Let’s just say the squadron of squatters could have benefitted from a fistful of Crest Whitening Strips and perhaps a dollop of John Frieda Hair Pomade or two.

Then, just last Friday night, yet another crew of beer drinking boors made the scene at Camelot up Waverly way, clad in similar non-fashion and crop dusting patrons with their own natural gas as they made their way throughout the packed establishment.

Now I imagine local business owners don’t see past the green of their cash as the pipeline interlopers infiltrate our area. But is it wrong to ask the lusty laborers to elevate their fashion sense should they decide to rub elbows with the area’s beau monde?

Besides, if they really want to lay some pipe, they’re going to have to clean up their collective acts.

In the meantime, I polished my Jimmy Choos and headed for downtown Scranton this past weekend to check out the newly-named Beko Restaurant which is located where the Martini Grille formerly hung its shingle. While supping on some succulent sushi, I caught site of local movers and shakers Art and Tara Russo who were hosting a gathering of their West Scranton Class of ’86 classmates after a much heralded high school reunion at the nearby Colonnade.
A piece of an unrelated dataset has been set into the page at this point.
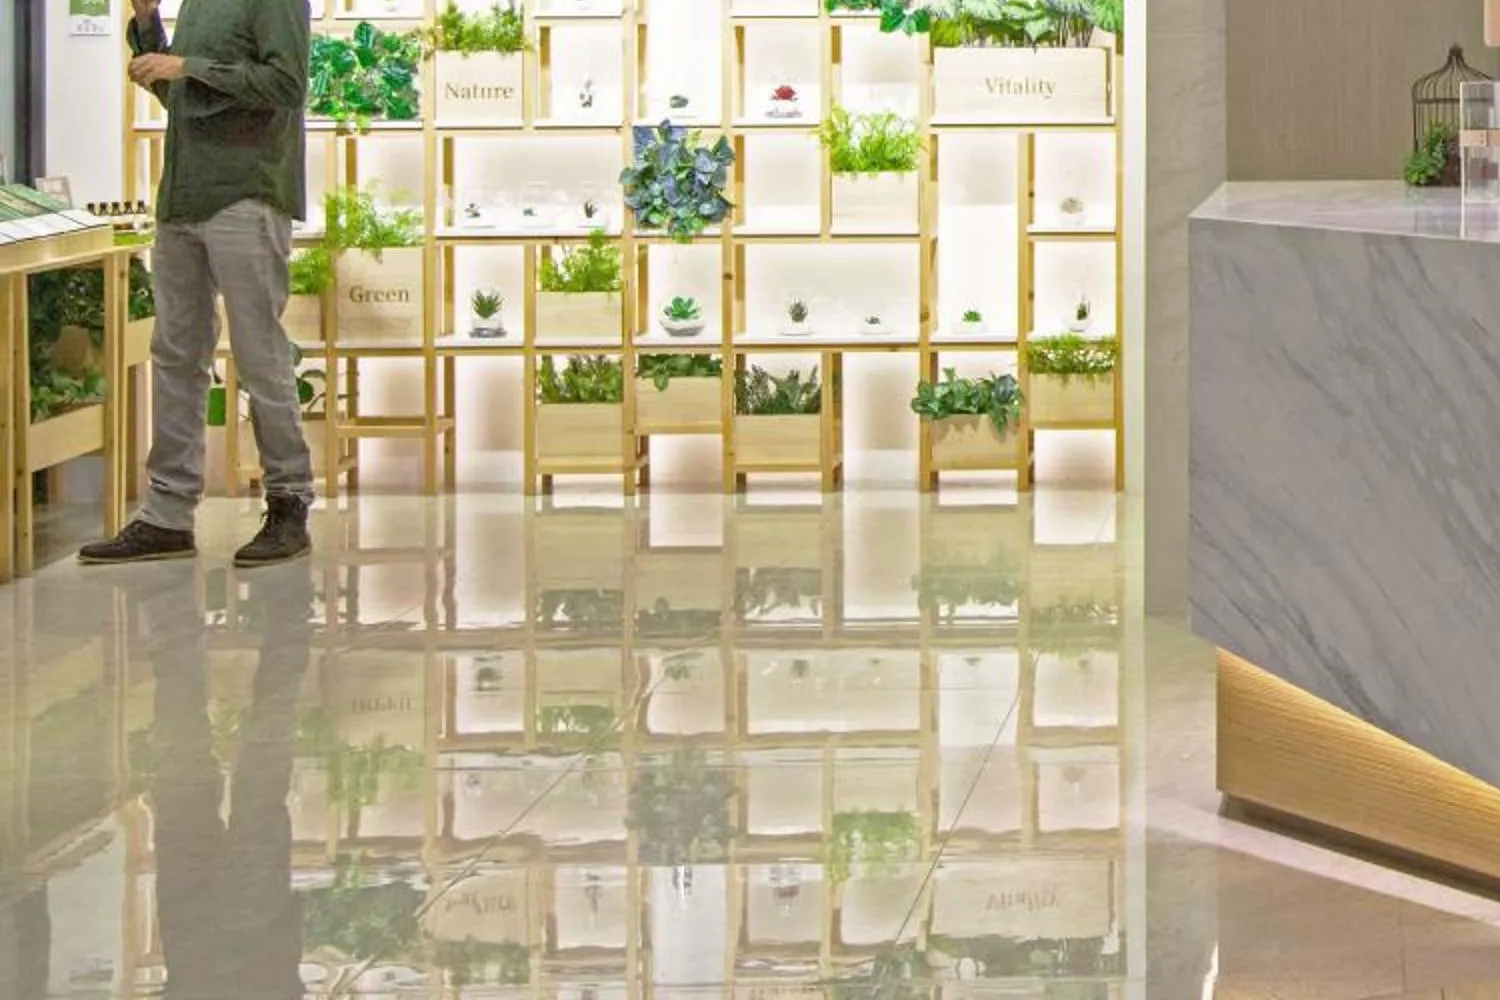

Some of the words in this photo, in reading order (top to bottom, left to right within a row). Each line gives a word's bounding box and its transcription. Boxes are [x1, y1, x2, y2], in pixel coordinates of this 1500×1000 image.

The night before, the power couple also hosted a happy hour at POSH for their Invader brethren and it sure looked the gang was having a kick of a good time. Let’s just say I was dazzled by the gathered gorgeous glitterati which included the likes of Steven Harris, Robert Gasper, Faith and Mike Golay, Regina Piazza, Kristin Janes, Carolyn Jerowski, Gus Gschiedle, Warren Walters, Mitchell Simon, Mark Granahan, Doug Evans, Leo Ciullo and more! A night spent with old friends apparently injected new life into the celebrating clan. They all looked simply marvelous.

Meanwhile, the old Molly Brannigans will have new life injected into in it the form of yet another Irish bar just around the corner on Lackawanna Avenue. Ron Kamionka, who brought us Scranton’s Hardware Bar and Wilkes-Barre’s Mulligan’s Pub, has signed a letter of intent to take over the prominent empty corner property and hopes to have it open in time for the celebrated St. Patrick’s Day parade.